Location
- 1614 South Grandview Drive DeWitt, Arkansas 72042-1826 United States 34°16′42″N 91°21′1″W﻿ / ﻿34.27833°N 91.35028°W

Information
- School type: Public comprehensive
- Status: Open
- School district: DeWitt School District
- CEEB code: 040635
- NCES School ID: 050000100216
- Teaching staff: 33.08 (on FTE basis)
- Grades: 9–12
- Enrollment: 350 (2023-2024)
- Student to teacher ratio: 10.58
- Education system: ADE Smart Core
- Classes offered: Regular, Advanced Placement (AP)
- Colors: Blue and gold
- Athletics conference: 3A East
- Mascot: Dragon
- Team name: DeWitt Dragons
- Accreditation: ADE
- Communities served: DeWitt, Almyra, Gillett, Humphrey, Saint Charles, and Nady
- Website: www.dewittdragons.net/o/dhs

= DeWitt High School (Arkansas) =

DeWitt High School is a comprehensive public high school located in DeWitt, Arkansas, United States. The school provides secondary education for students in grades 9 through 12. DeWitt is one of two public high schools in Arkansas County, Arkansas and the sole high school administered by the DeWitt School District.

== History ==
  In 2009 Gillett High School closed, and students were consolidated into DeWitt High.

== Service area ==
Its territory includes areas in Arkansas, Jefferson, and Desha counties.

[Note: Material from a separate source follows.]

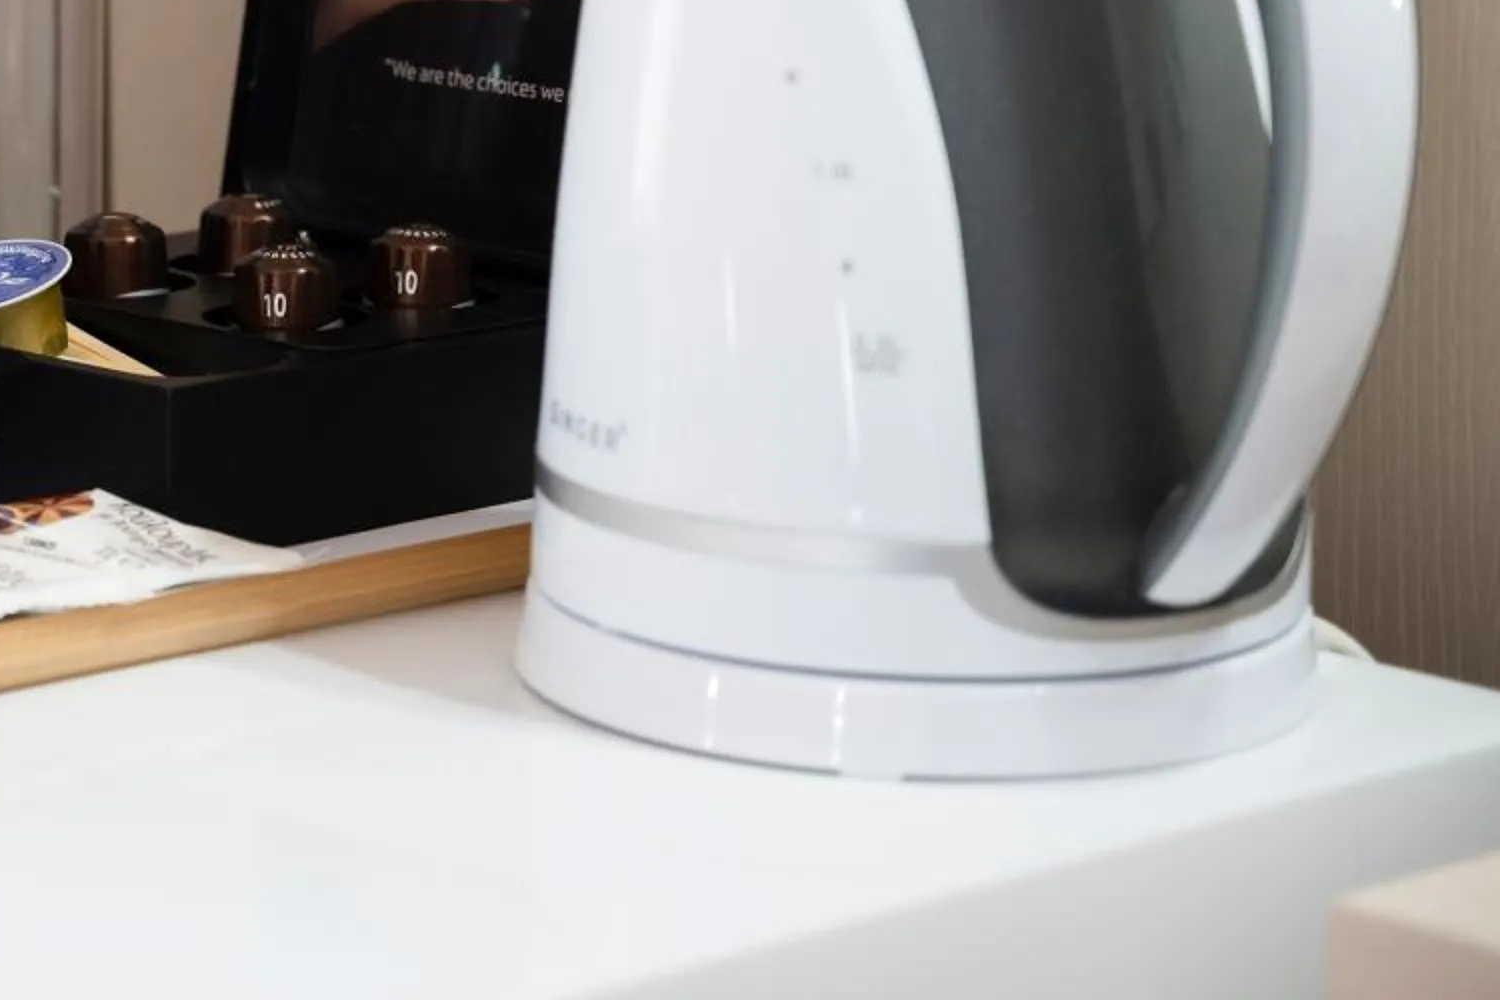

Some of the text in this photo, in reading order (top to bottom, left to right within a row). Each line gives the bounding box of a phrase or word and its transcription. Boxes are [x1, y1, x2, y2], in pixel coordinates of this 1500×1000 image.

The municipalities it serves include DeWitt, Almyra, Gillett, Saint Charles, and Humphrey.

Additionally the district includes unincorporated areas: Arkansas Post, Bayou Meto, Crocketts Bluff, Eldridge Corner, Ethel, Nady, One Horse Store, Point Deluce, Reydell, Stinking Bay, and Tichnor.

== Academics ==
DeWitt High School is accredited by the Arkansas Department of Education (ADE) and the assumed course of study follows the Smart Core curriculum developed by the ADE, which requires students complete at least 22 units prior to graduation. Students complete regular coursework and exams and may take Advanced Placement (AP) courses and exam with the opportunity to receive college credit.

== Athletics ==
The DeWitt High School mascot and athletic emblem is the dragon with blue and gold serving as the school colors.

The DeWitt compete in interscholastic activities within the 4A Classification via the 4A Region 8 Conference, as administered by the Arkansas Activities Association. The Dragons field teams in football, golf (boys/girls), basketball (boys/girls), cheer, bowling (boys/girls), cross country (boys/girls), track and field (boys/girls), baseball, and fastpitch softball.

== Famous alumni ==
Harold Horton (Nov 14, 1939 – May 3, 2025) played football for DeWitt High School and received all-state honors for the Dewitt Dragons in 1956. He went on to play for the University of Arkansas from 1959 to 1961. He eventually became the head football coach at the University of Central Arkansas (UCA) from 1982 to 1989.